Data for this exercise:
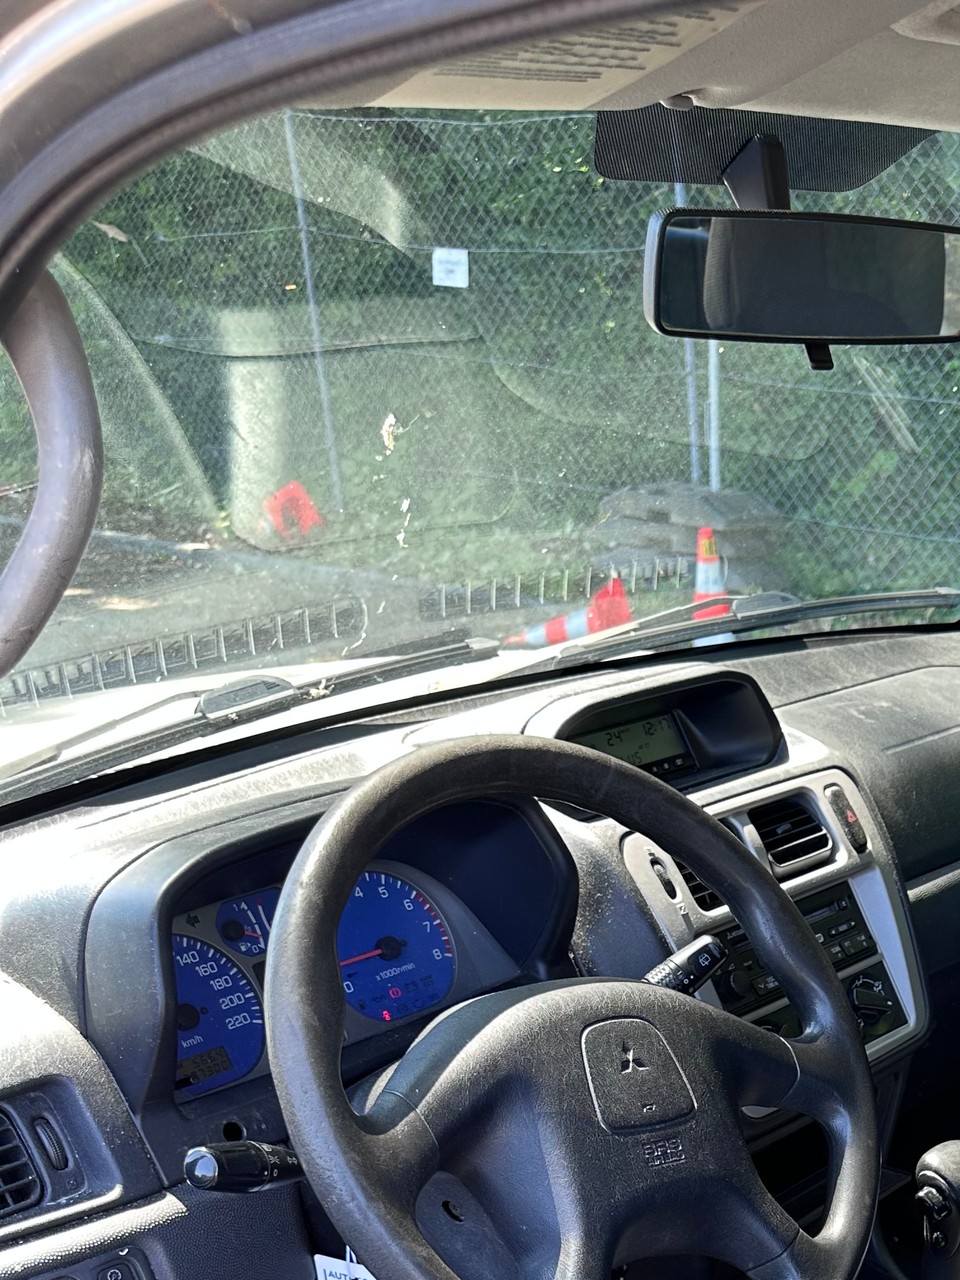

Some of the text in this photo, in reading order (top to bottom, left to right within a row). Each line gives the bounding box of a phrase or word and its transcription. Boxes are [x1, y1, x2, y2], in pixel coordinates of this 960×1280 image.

[642, 717, 671, 736] 12:17
[354, 887, 364, 898] 4
[378, 886, 389, 898] 5
[403, 899, 414, 911] 6
[422, 921, 431, 933] 7
[176, 950, 200, 967] 140
[432, 948, 443, 960] 8
[195, 961, 218, 977] 160
[209, 975, 233, 991] 180
[343, 981, 354, 993] 0
[219, 992, 245, 1010] 200
[225, 1012, 251, 1030] 220
[181, 1035, 204, 1049] km/h

To do: Your answer must consist of the entries, unchanged, with no pictures in it.

Response:
Some of the text in this photo, in reading order (top to bottom, left to right within a row). Each line gives the bounding box of a phrase or word and its transcription. Boxes are [x1, y1, x2, y2], in pixel coordinates of this 960×1280 image.

[642, 717, 671, 736] 12:17
[354, 887, 364, 898] 4
[378, 886, 389, 898] 5
[403, 899, 414, 911] 6
[422, 921, 431, 933] 7
[176, 950, 200, 967] 140
[432, 948, 443, 960] 8
[195, 961, 218, 977] 160
[209, 975, 233, 991] 180
[343, 981, 354, 993] 0
[219, 992, 245, 1010] 200
[225, 1012, 251, 1030] 220
[181, 1035, 204, 1049] km/h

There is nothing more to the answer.